Le parcours de Jaber ne s’est d’ailleurs pas arrêté avec la dissolution de sa milice. Après la chute du régime, il a publiquement revendiqué son rôle dans l’attaque lancée en mars 2025 contre les forces du nouveau pouvoir syrien d’Ahmad el-Chareh sur le littoral. Ces affrontements avaient constitué l’une des premières grandes menaces armées contre les nouvelles autorités de Damas et déclenché des violences confessionnelles meurtrières à Lattaquié, Jablé et Baniyas.
Aujourd’hui, si les accusations au Liban se confirmaient, elle pourrait révéler la persistance, après la chute d’Assad, de réseaux capables de mobiliser d’anciens combattants du régime et de s’appuyer sur des relais régionaux pour préparer de nouvelles opérations en Syrie. Le rôle du Liban serait tel qu’il ne constitue pas seulement un territoire de passage, mais un possible espace de recrutement, d’hébergement et de préparation avant le retour des hommes vers le théâtre syrien.
Et le Hezbollah dans tout ça ?
Selon les sources citées plus haut, des éléments liés au Hezbollah auraient facilité l’hébergement et l’entraînement des recrues dans la Békaa, faits que la milice pro-iranienne a catégoriquement démentis, niant, dans un communiqué publié mercredi, tout lien avec la cellule.
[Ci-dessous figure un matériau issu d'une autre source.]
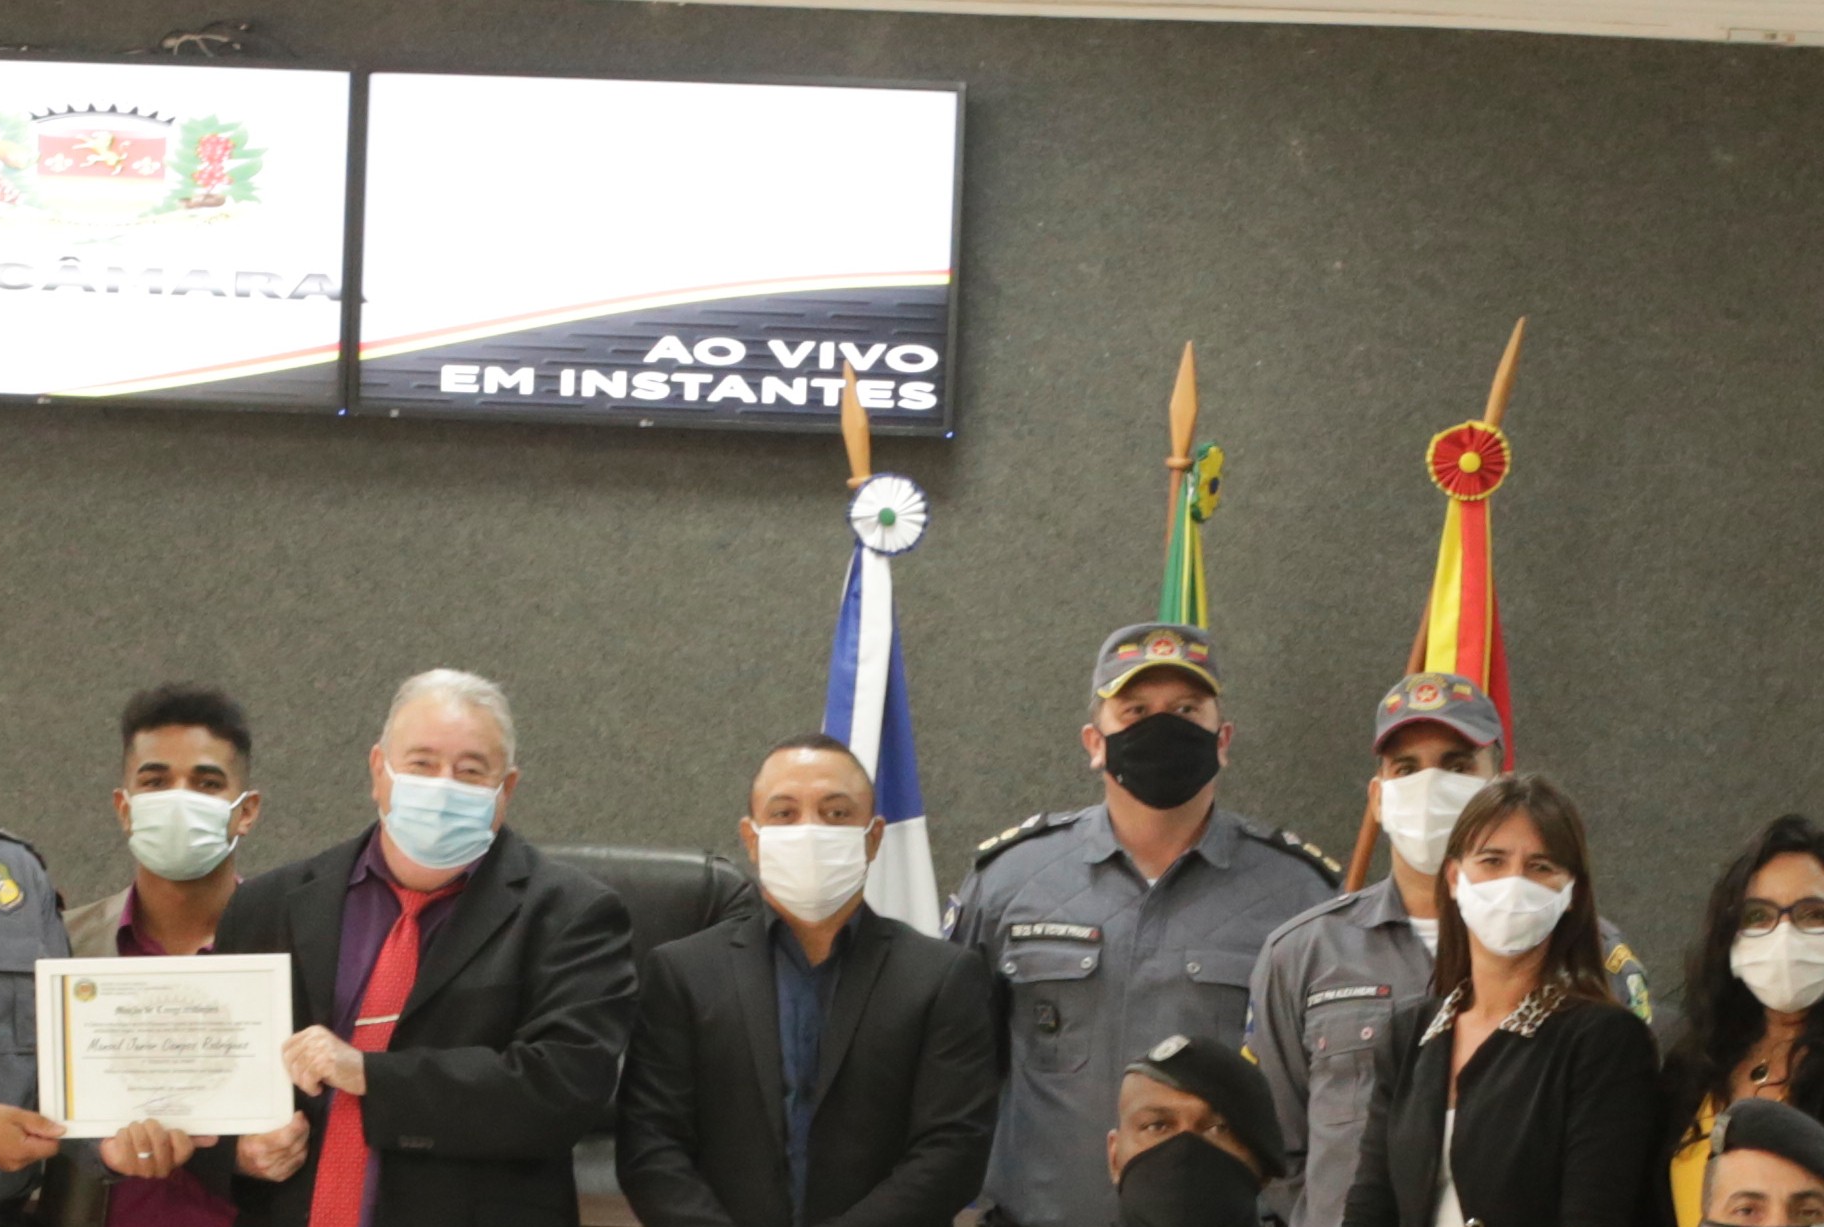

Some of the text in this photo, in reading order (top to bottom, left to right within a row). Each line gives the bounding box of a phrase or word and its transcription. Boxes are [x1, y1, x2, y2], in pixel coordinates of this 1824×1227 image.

[643, 335, 939, 373] AO VIVO
[440, 365, 938, 410] EM INSTANTES
Elle y a dénoncé des accusations destinées à «ternir» son image et à provoquer des tensions internes au Liban.
L’implication libanaise ne se limite pas uniquement au Hezbollah. En effet, et toujours selon les éléments de l’enquête, un agent de la Sûreté générale, qui aurait travaillé comme accompagnateur d’un responsable politique, a été arrêté après avoir disparu pendant plusieurs jours. Il est soupçonné d’avoir participé au déplacement et à la dissimulation d’armes liées au réseau.
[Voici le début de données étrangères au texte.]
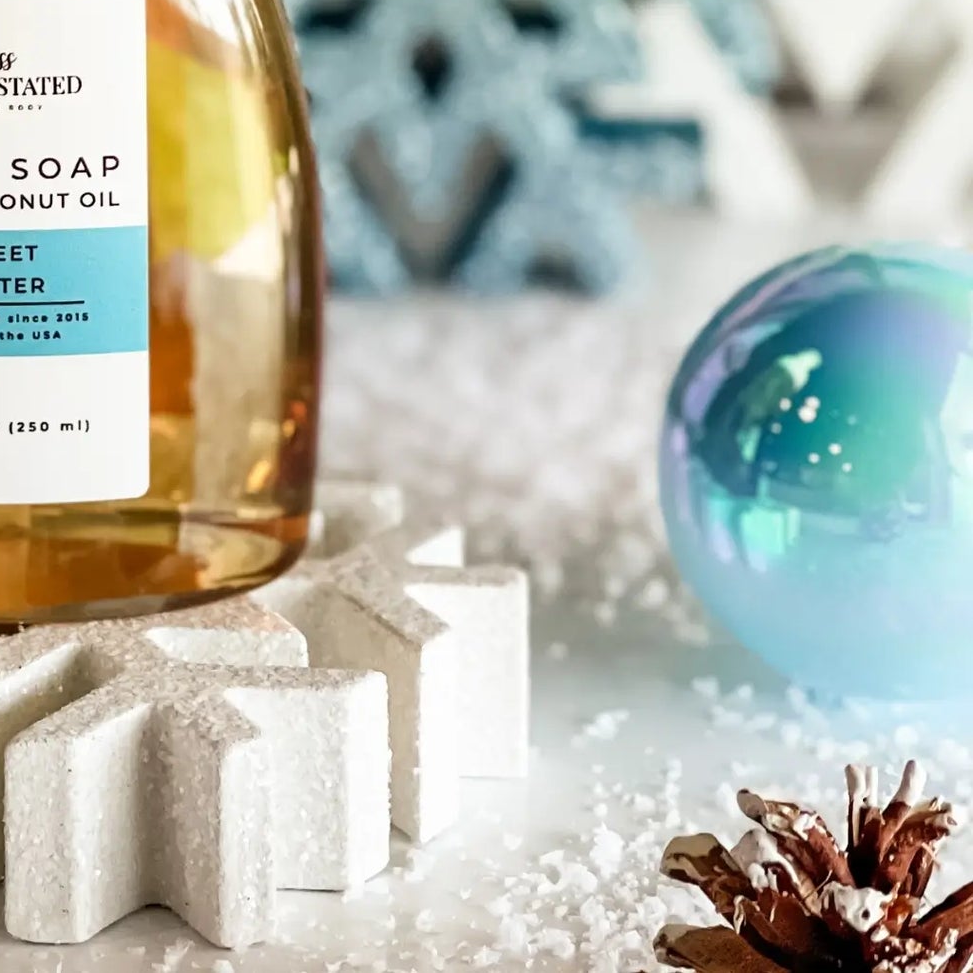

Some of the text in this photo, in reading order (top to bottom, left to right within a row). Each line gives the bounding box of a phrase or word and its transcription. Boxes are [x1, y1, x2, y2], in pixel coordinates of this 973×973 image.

[11, 155, 120, 180] SOAP
[79, 191, 120, 208] OIL
[7, 312, 49, 323] since
[55, 312, 90, 323] 2015
[0, 330, 25, 341] the
[32, 329, 62, 340] USA
[8, 420, 50, 435] (250
[59, 419, 91, 434] ml)
Ainsi, au-delà des cinq arrestations, les enquêteurs cherchent à reconstituer l’ensemble de la chaîne afin d’identifier ceux qui recrutent en Syrie, organisent les passages clandestins de la frontière, hébergent les hommes au Liban, assurent leur financement et leur entraînement, décident des opérations et, surtout, les prennent en charge une fois de retour en Syrie.